Vita Activa, или О деятельной жизни — страница 36 из 81

. Понимая это, греки в свою классическую эпоху всю сферу создания, ремесла и изобразительных искусств, где не совершается никакой деятельности ради нее самой и всякий прием является уже средством для определенной цели, поставили под вердикт низкого ремесленничества и предали презрению. Следствием этой настроенности, явно ничего не боявшейся так, как вульгарного и целеустремленного, было неизменно приводящее нас в изумление величие художников и архитекторов, подпадавших под этот вердикт.

Речь здесь идет естественно не о служении цели как таковом, употреблении средств для определенной цели, но скорее об обобщении всего значимого для создания опыта, в котором польза и полезность становятся основным мерилом жизни и мира людей.

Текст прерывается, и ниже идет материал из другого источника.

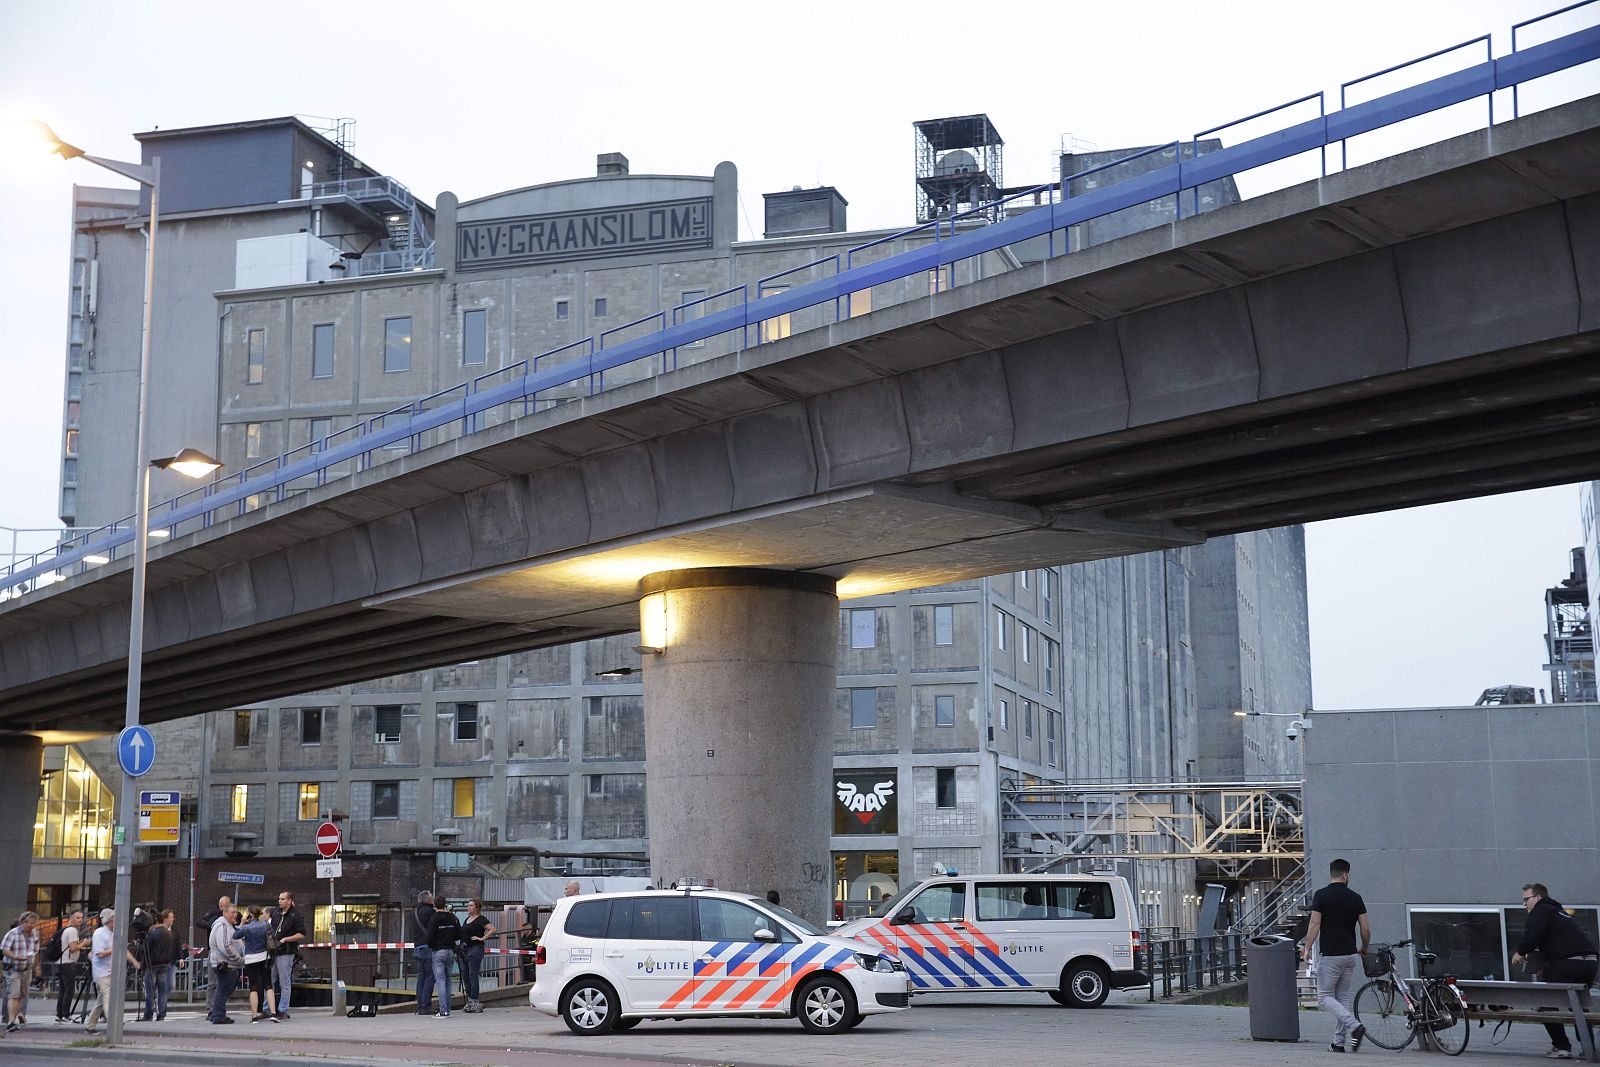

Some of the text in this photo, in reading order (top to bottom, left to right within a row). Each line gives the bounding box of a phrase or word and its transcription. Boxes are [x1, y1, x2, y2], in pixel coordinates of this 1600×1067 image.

Это обобщение располагается тоже пока еще в сфере создающей деятельности, ибо опыт цели-средства, имманентный созданию, не просто исчезает когда цель достигнута и предмет изготовлен, но продолжает сопровождать этот готовый предмет, начинающий свое новое бытие в мире в качестве употребимой вещи. Не процесс изготовления как таковой вызывает деградацию всех вещей мира и природы до голых средств, неостановимую обесценку всей наличности, процесс нарастания бессмыслицы, который затягивает в свою бездну всяческие цели, делая их опять же служебными, и который поглотил бы и человека тоже, если бы его не объявили верховной целью, так что теперь он тем свободнее может применять для своих целей как средства и обесценивать всё, что не есть он сам; ибо с точки зрения самого процесса создания конечный продукт есть точно так же самоцель, независимое автономное сущее, как человек является конечной целью и в политической философии Канта. Лишь поскольку создание изготовляет преимущественно предметы употребления, конечный продукт способен снова делаться средством, а именно средством для того или иного употребления, и лишь поскольку жизненный процесс осваивает предметы и применяет их для своих целей, продуктивная и ограниченная целенаправленность создателя способна превращаться в неограниченную целенаправленность, овладевающую всеми вещами, какие вообще существуют, как средствами.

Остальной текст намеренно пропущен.